Stored data:
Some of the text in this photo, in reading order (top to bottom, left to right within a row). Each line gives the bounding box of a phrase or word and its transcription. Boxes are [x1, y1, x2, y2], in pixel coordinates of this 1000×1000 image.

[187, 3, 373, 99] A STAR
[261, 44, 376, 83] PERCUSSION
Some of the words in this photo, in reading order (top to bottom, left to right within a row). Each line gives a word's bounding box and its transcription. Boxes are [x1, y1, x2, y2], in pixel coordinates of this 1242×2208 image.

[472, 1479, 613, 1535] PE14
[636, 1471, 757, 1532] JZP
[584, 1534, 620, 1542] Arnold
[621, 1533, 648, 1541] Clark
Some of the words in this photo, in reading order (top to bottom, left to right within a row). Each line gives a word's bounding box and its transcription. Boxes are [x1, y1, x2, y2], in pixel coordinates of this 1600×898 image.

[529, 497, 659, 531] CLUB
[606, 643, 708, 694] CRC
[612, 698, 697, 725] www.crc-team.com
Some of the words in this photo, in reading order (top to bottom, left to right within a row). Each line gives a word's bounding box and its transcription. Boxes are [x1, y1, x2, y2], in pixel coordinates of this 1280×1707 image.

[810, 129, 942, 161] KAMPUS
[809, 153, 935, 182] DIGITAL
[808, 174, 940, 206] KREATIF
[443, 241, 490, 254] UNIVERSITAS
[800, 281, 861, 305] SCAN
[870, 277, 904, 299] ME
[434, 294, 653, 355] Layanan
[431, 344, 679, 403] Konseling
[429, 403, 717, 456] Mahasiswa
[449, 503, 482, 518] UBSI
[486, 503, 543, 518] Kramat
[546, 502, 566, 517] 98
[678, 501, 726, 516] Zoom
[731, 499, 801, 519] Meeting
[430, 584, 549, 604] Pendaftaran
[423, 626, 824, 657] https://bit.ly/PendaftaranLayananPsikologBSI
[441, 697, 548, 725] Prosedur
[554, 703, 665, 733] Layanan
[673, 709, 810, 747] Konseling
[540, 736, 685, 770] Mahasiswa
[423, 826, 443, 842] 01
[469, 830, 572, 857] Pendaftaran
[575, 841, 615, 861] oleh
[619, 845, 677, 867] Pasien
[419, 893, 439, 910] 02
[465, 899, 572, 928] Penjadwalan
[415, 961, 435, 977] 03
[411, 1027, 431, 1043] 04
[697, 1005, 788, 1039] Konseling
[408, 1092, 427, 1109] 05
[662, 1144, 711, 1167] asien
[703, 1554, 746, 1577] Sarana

» Assignment
Each entry must be set down exactly as it appears.

» Answer box
Some of the text in this photo, in reading order (top to bottom, left to right within a row). Each line gives the bounding box of a phrase or word and its transcription. Boxes are [x1, y1, x2, y2], in pixel coordinates of this 1000×1000 image.

[187, 3, 373, 99] A STAR
[261, 44, 376, 83] PERCUSSION
Some of the words in this photo, in reading order (top to bottom, left to right within a row). Each line gives a word's bounding box and its transcription. Boxes are [x1, y1, x2, y2], in pixel coordinates of this 1242×2208 image.

[472, 1479, 613, 1535] PE14
[636, 1471, 757, 1532] JZP
[584, 1534, 620, 1542] Arnold
[621, 1533, 648, 1541] Clark
Some of the words in this photo, in reading order (top to bottom, left to right within a row). Each line gives a word's bounding box and its transcription. Boxes are [x1, y1, x2, y2], in pixel coordinates of this 1600×898 image.

[529, 497, 659, 531] CLUB
[606, 643, 708, 694] CRC
[612, 698, 697, 725] www.crc-team.com
Some of the words in this photo, in reading order (top to bottom, left to right within a row). Each line gives a word's bounding box and its transcription. Boxes are [x1, y1, x2, y2], in pixel coordinates of this 1280×1707 image.

[810, 129, 942, 161] KAMPUS
[809, 153, 935, 182] DIGITAL
[808, 174, 940, 206] KREATIF
[443, 241, 490, 254] UNIVERSITAS
[800, 281, 861, 305] SCAN
[870, 277, 904, 299] ME
[434, 294, 653, 355] Layanan
[431, 344, 679, 403] Konseling
[429, 403, 717, 456] Mahasiswa
[449, 503, 482, 518] UBSI
[486, 503, 543, 518] Kramat
[546, 502, 566, 517] 98
[678, 501, 726, 516] Zoom
[731, 499, 801, 519] Meeting
[430, 584, 549, 604] Pendaftaran
[423, 626, 824, 657] https://bit.ly/PendaftaranLayananPsikologBSI
[441, 697, 548, 725] Prosedur
[554, 703, 665, 733] Layanan
[673, 709, 810, 747] Konseling
[540, 736, 685, 770] Mahasiswa
[423, 826, 443, 842] 01
[469, 830, 572, 857] Pendaftaran
[575, 841, 615, 861] oleh
[619, 845, 677, 867] Pasien
[419, 893, 439, 910] 02
[465, 899, 572, 928] Penjadwalan
[415, 961, 435, 977] 03
[411, 1027, 431, 1043] 04
[697, 1005, 788, 1039] Konseling
[408, 1092, 427, 1109] 05
[662, 1144, 711, 1167] asien
[703, 1554, 746, 1577] Sarana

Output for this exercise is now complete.